CASE 17 Isfjorden & CASE 18 Mosselhalvøya (Svalbard)
Report of the project:
42 scientists, wildlife monitors and logistic staff from Canada, France, Norway, Poland, Sweden, USA and Germany were involved in geoscientific fieldwork between end of June and early September 2015. Two research teams investigated the geology of Spitsbergen under the umbrella of the Arctic BGR research programme CASE. They worked in the Isfjorden area in Central Spitsbergen (CASE 17) and at the northern coast of the island (CASE 18). The terrestrial fieldwork was accompanied by a second team of BGR geophysicists working on board of the research vessel OGS EXPLORA in the northern Barents Sea (PANORAMA).
Source: BGR
Scientific goal of the terrestrial geological investigations were the stratigraphy, sedimentology and geochemistry of the post-Devonian sedimentary basin on Svalbard. Especially, the sedimentary sequences of Triassic and Jurassic age were of interest as outcrop analogues to hydrocarbon source rocks known from the Barents Sea. Another subject of the geological work was the reconstruction of the depositional history of the sedimentary units during the last 300 million years. In collaboration with the remote sensing group of BGR, rock samples were collected to correlate them with satellite images of these areas. This method can help to identify possible natural resources from satellites in the future. In addition, geomicrobiological research was carried out to study the ecology of the symbiotic community of the arctic seafloor, which are still poorly known.

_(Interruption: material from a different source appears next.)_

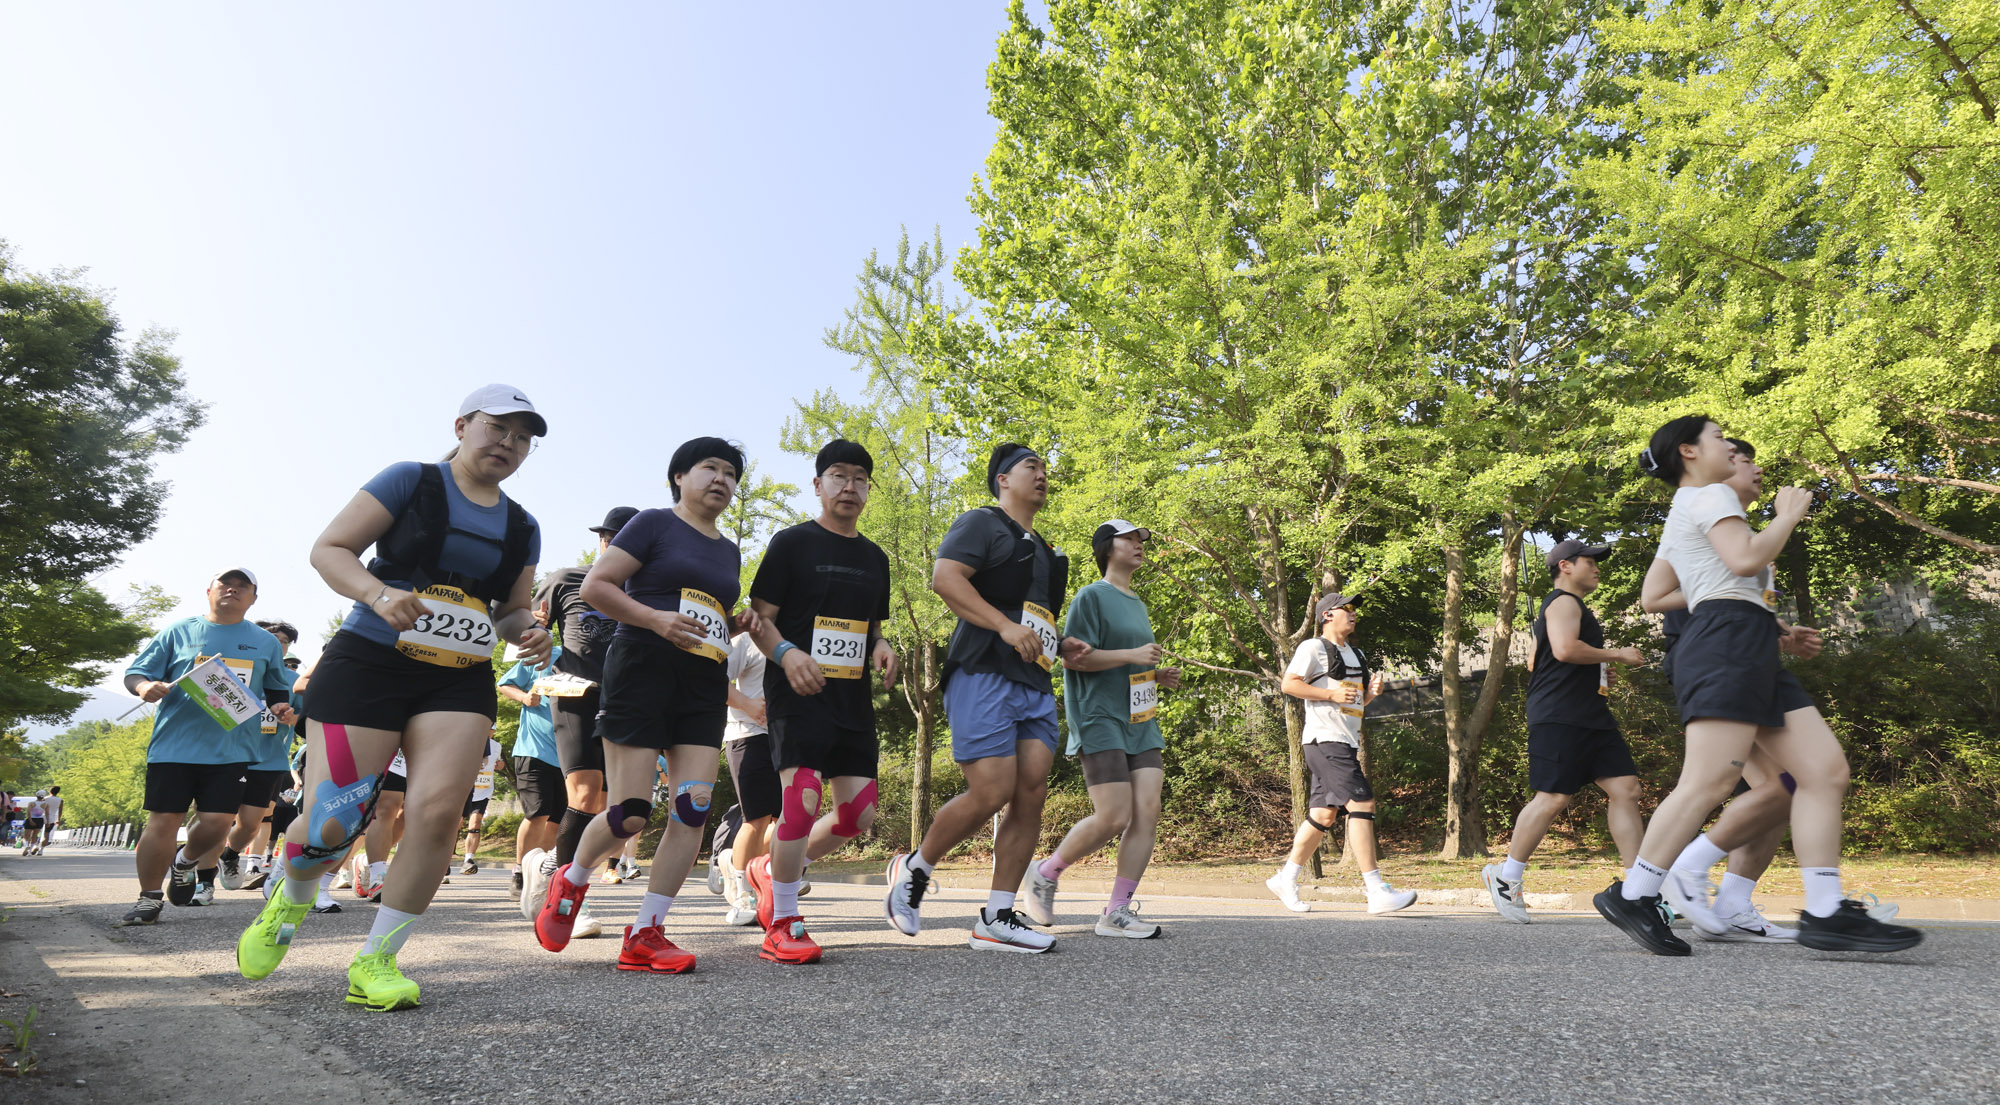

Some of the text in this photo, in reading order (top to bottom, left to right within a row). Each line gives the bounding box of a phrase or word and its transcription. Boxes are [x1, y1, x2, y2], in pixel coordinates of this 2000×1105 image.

To understand the complex geological situation and the complicated plate tectonic evolution of the European Arctic, BGR has carried out simultaneous geoscientific studies onshore (CASE) and offshore (PANORAMA) in summer 2016 for the first time. While the onshore geological structures can be directly observed and investigated, information about the offshore geological structures and submarine strata can only be observed by geophysical methods. Therefore, combined geological onshore and geophysical offshore studies make it possible to better understand the geological evolution of the continental margin of the Barents Sea and the Arctic.